O günlerde, Sayın Başbakan ile Sağlık Bakanı arasında bir polemiğin ortaya çıkması, Sağlık eski Bakanı Osman Durmuş Bey’in açıklamaları, bir kısım hekimlerin aşıya karşı ihtiyatlı yaklaşılması gerektiği şeklindeki açıklamaları bir hayli kafaları karıştırdı. Yine o günlerde mesleki söyleşi yapmak üzere okulumuza davet ettiğimiz mezunlarımızdan Doktor ve Eczacı kardeşlerimize öğrencilerin yönelttiği soruya verilen cevap bir hayli ilginçti. Doktor kardeşimiz, doktorların aşıyı halka tavsiye ettiklerini, ancak kesinlikle kendilerine, çocuklarına, akrabalarına vurdurtmadıklarını söylemiş, hatta ilk aşılamada personelden çok az aşı vurduran çıkınca, ikinci kez biraz daha zorlama yapıldığını, aşı vurduran personelin bir kısmının bahsi geçen rahatsızlığa yakalandığını söylemişti. Eczacı kardeşimiz de bir takım astronomik rakamlardan ve kirli oyunlardan bahsederek, bu derece toplu aşı alımının sıkıntılı olduğunu, virüsün sürekli karakter değiştirdiğini, olayın bizim aktarmaya çalıştığımız yönüne vurgu yapmıştı. Birkaç gün sonra da gerçekten Domuz Gribi Virüsü’nün şekil değiştirdiğini okurlarımız hatırlayacaktır.
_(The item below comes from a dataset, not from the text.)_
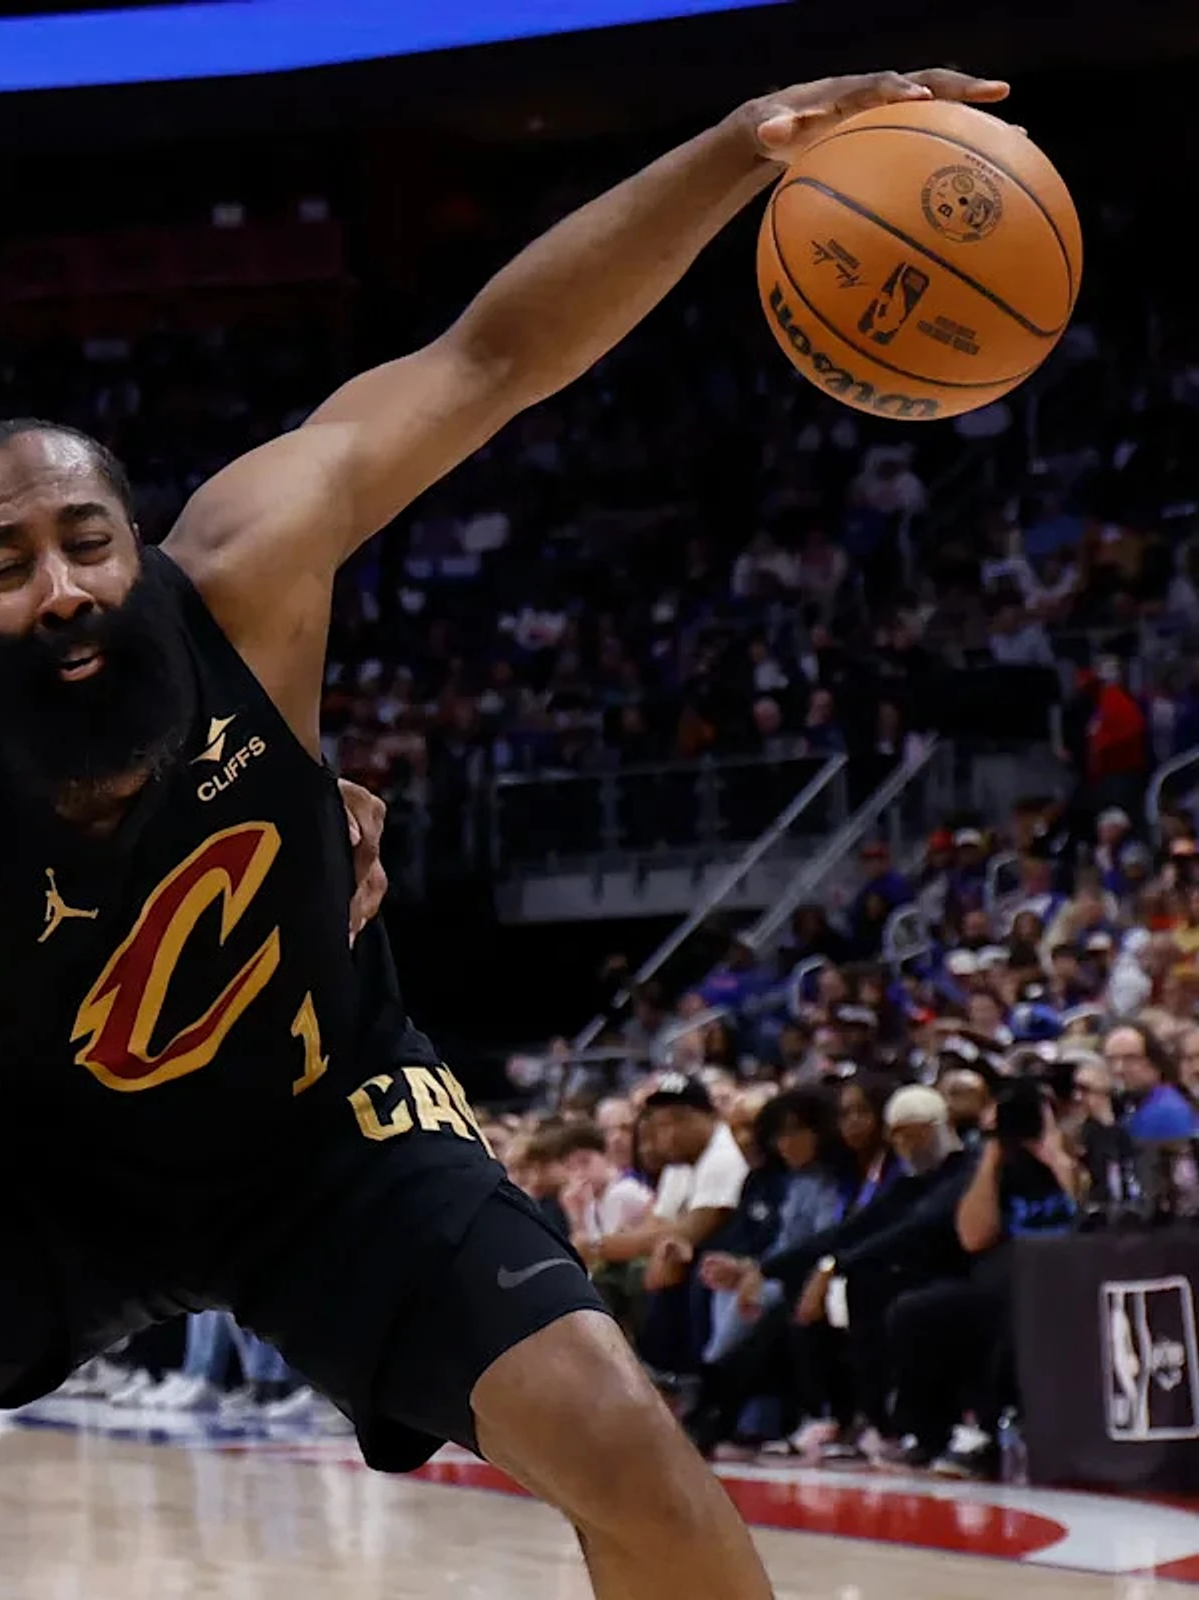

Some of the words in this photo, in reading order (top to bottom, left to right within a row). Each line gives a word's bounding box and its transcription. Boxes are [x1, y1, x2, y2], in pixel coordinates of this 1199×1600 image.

ABD’de küresel kriz patlamıştı, şimdilerde ne oldu bu krize, Obama, yok şu kadar hazineden mali destek sağladı, yok şu tedbiri aldı, yok bunu yaptı… ABD’nin kurulduğundan beri, silah sanayine dayalı bir ekonomik yapısı vardır. Dünya Savaşları’na ABD’nin bulaşmasını okurlarımız hatırlayacaktır. İran – Irak savaşı sekiz yıl boyunca devam etti, kim kazandı? Silah satan küresel güçler… O zamanlar İran’a karşı Saddam Hüseyin’e silah satan şirketin sahibi olan Donald Rumsfeld, 2003’te Savunma Bakanlığı makamında, kendi sattığı silahları sebep göstererek, Irak Operasyonu’nun şahinliğini yapıyordu. 11 Eylül Operasyonu’nu kendi içerisinde tezgahlayan ABD,(Amerikan muhalif kanadın yaptığı sorgulama ve araştırma ile bu durum kesin olarak delillerle ıspatlanmıştır.) bu bahane ile hem Irak’a girerek Ortadoğu’yu, hem de Afganistan Operasyonu ile Kafkasya’yı kontrol etmektedir. Eee ne de olsa bu “Domuz Gribi” de bir “biyolojik silah” değil mi? Aşı firmalarına bakarsanız bunu rahat anlayabilirsiniz, müthiş rakamlardan bahsediliyor, 400 trilyon… Ne diyordu Finlandiyalı Bakan “ABD, hiçbir maddi kayıp yaşamadan, hatta milyarlarca dolar kazanarak dünya nüfusunu üçte iki oranında azaltmayı hedeflemektedir.”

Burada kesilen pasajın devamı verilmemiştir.